Élerson: O grande desafio é a falta de uma política efetiva e estrutural, e para que a gente não fique em cima do muro, é a política de moradia universal para a população em geral com foco na população em situação de rua. Nós só vamos resolver o problema das pessoas que estão em situação de rua se a gente superar essa barreira que existe em relação às políticas de interesse social voltadas para a população de rua. É lógico que a moradia não é a única coisa, você não tira a pessoa da situação de rua sem uma certa estabilidade, e a estabilidade vai ser real quando você tiver uma moradia, não estou falando da defesa da propriedade, mas da moradia. Então, diante da realidade da população em situação de rua, em relação à pandemia soa até uma violência você escutar “fique em casa”. Quando um órgão público desenvolve uma campanha que pede para que as pessoas fiquem em casa, sendo que você tem uma grande parcela de pessoas que nem casa tem, isso é não as levar em consideração, é dizer existe um grupo da sociedade que eu desconsidero. Se as pessoas precisam ficar em casa, qual é a proposta para quem não tem casa? Acho que é, nessas horas, que a gente precisa rever as ações que estamos implementando e, de fato, dar um passo em direção àquilo que vai sanar o problema, senão vamos ficar tratando da superficialidade da questão.
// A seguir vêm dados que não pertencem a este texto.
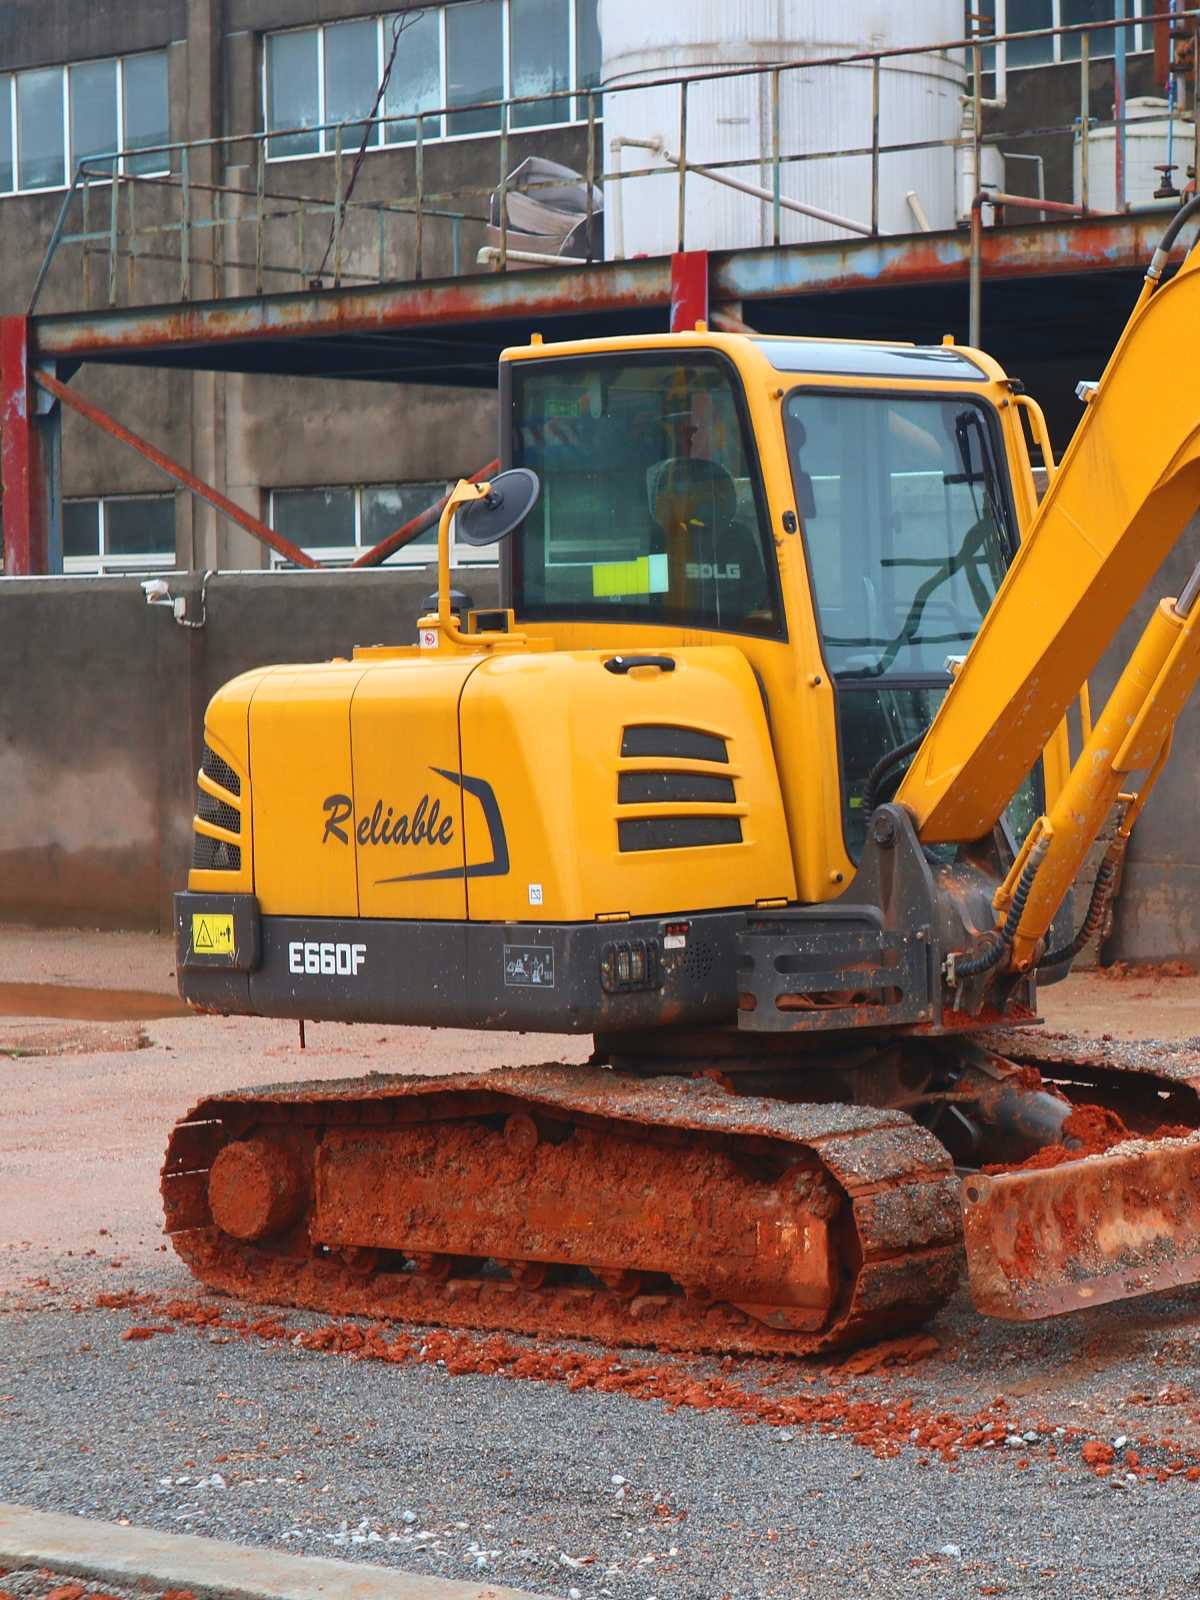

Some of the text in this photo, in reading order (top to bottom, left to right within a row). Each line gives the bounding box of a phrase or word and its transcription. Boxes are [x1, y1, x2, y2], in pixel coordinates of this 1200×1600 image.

[685, 563, 740, 579] SDLG
[322, 794, 455, 846] Reliable
[288, 942, 367, 976] E660F
Samuel: A informação chega pouco na rua, e quando chega é picotada. Aí, as pessoas acabam crendo que isso é, de fato, uma gripezinha, um resfriadinho, “isso não pega em nós, porque nós estamos imunes, porque a gente já vive na rua, enfrenta as intempéries climáticas”. Então, a gente tem feito um trabalho nas entregas de alimentação: explicar a letalidade do vírus, instigá-los, inclusive, a pleitear abrigamento, fazer uma pressão para que a rua possa pressionar o Estado a cumprir o mínimo dessa perspectiva de isolamento social. Nas filas de doações, é um desafio muito grande fazer as pessoas se manterem afastadas. Não é para a sorte de ninguém, mas a realidade é que a pandemia entrou pelos aeroportos, ela não entrou pelo mototáxi que vai à comunidade, mas a gente sabe que ela caminha a passos largos e, a qualquer hora, pode atingir a população de rua, os catadores, a população carcerária, e assim, a gente teria uma catástrofe. A população de rua fica, principalmente, nas regiões centrais aglomerada, reunida, juntos na mesma maloca, às vezes, até mesmo no serviço de acolhimento. Então, esse gargalo da informação talvez seja, neste momento, um desafio.
Élerson: Em relação à aquisição de itens de higiene e de equipamentos de segurança de proteção individual, a recomendação é que nós façamos ampla distribuição para que todos tenham acesso, mas se as equipes médicas dos hospitais não estão tendo acesso, você imagina a dificuldade que nós estamos tendo para a aquisição de itens de higiene? Álcool em gel praticamente não existe mais no mercado. Para amenizar um pouco esse impacto, nós fizemos uma parceria com os empreendimentos de costura do Fórum Metropolitano de Economia Solidária aqui da região de Belo Horizonte, então, nós estamos fazendo a aquisição de máscaras de pano, tanto para os trabalhadores, quanto para as pessoas atendidas, já nos antecipando a um possível agravamento da situação, prevista entre meados de abril, indo até maio e junho. Um outro desafio, que vai na direção que Samuel colocou, é em relação à saúde mental das pessoas afetadas pelo medo e pelo pânico que a própria pandemia, junto com o quadro de quarentena e isolamento tem proporcionado.